Automating Medical Image Analysis Workflows Using Machine Learning

Speaker: Mahendra Khened

Venue : HSB 209

Date : 30th August, 2019

Time : 5.30 p.m.

Abstract

Machine learning is currently one of the hot topics of research and most of the industries are turning their efforts towards automating most of their work-flow processes using machine learning. Medical images are acquired for the diagnosis of various diseases in the body. Most often the analysis of medical images involves detection and identifying the tissue structures as normal or abnormal and estimating certain clinical metrics. In a clinical setting, medical images are analyzed manually by trained medical professionals. Some of these interpretation tasks are time-consuming and are sometimes prone to error due to various reasons ranging from lack of availability of trained medical experts and human fatigue. In order to address some of these issues, our research focuses on developing pipelines for certain clinical work-flow applications acting as an auxiliary aid for the medical professionals by automatically analyzing and giving a preliminary diagnosis report.
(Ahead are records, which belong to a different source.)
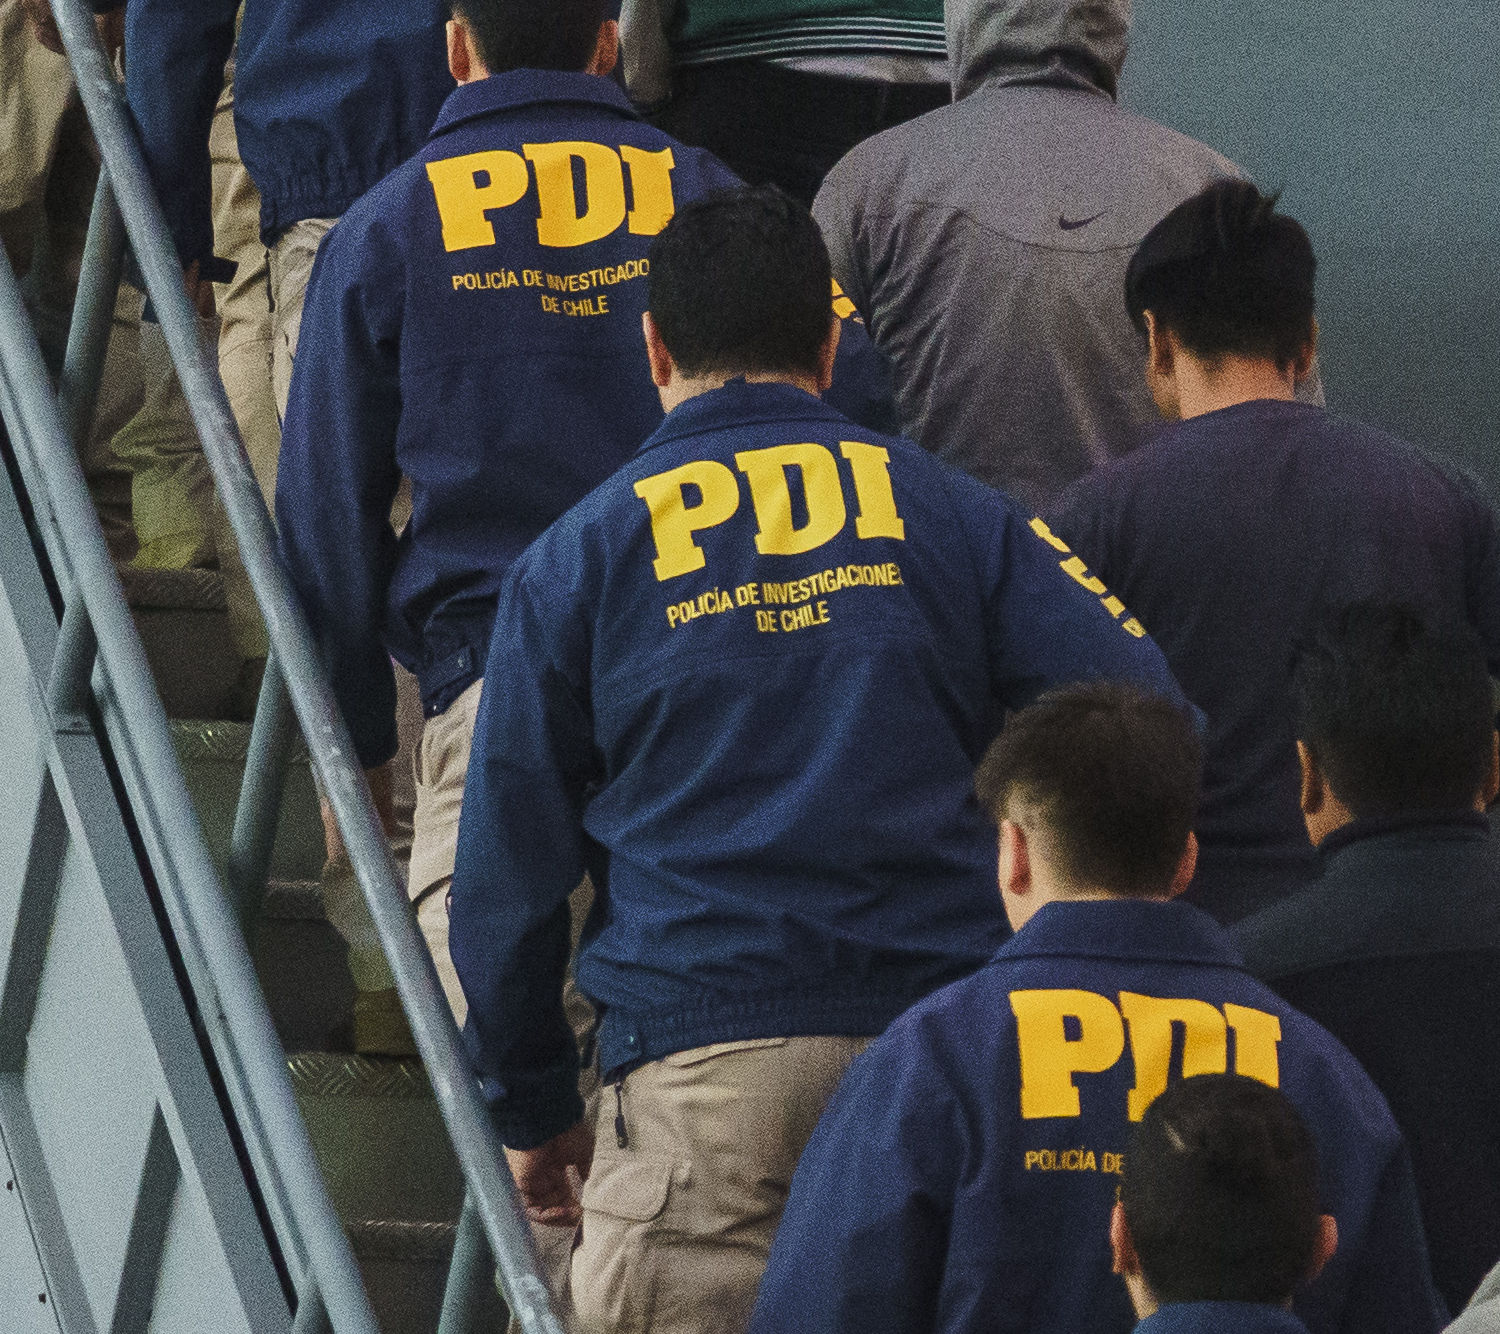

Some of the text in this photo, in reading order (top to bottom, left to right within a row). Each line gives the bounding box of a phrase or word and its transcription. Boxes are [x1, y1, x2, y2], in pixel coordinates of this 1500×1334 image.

[425, 140, 676, 252] PDI
[452, 258, 650, 293] POLICÍA DE INVESTIGACIO
[541, 294, 610, 317] DE CHILE
[634, 440, 905, 581] PDI
[666, 586, 734, 629] POLICÍA
[734, 582, 761, 608] DE
[755, 600, 831, 633] DE CHILE
[1008, 988, 1282, 1123] PDI
[1024, 1147, 1125, 1175] POLICÍA DE
We explore some of the popular machine learning techniques like Convolution Neural Networks for our research work and showcase some of our clinical applications in Cardiac Image analysis field.

About the speaker

Mahendra Khened completed his B.E in Electronics and Communication Engineering from BMS College of Engineering, Bangalore. Currently, he is a research scholar working with Dr.Ganapathy Krishnamurthy at Medical Imaging and Reconstruction Laboratory, Department of Engineering Design, IIT Madras. His research focuses on medical image analysis problems using computer vision, machine learning, and deep neural networks. He has worked on various medical image segmentation problems, texture analysis for disease classification and quantification of response to treatment in clinical practice.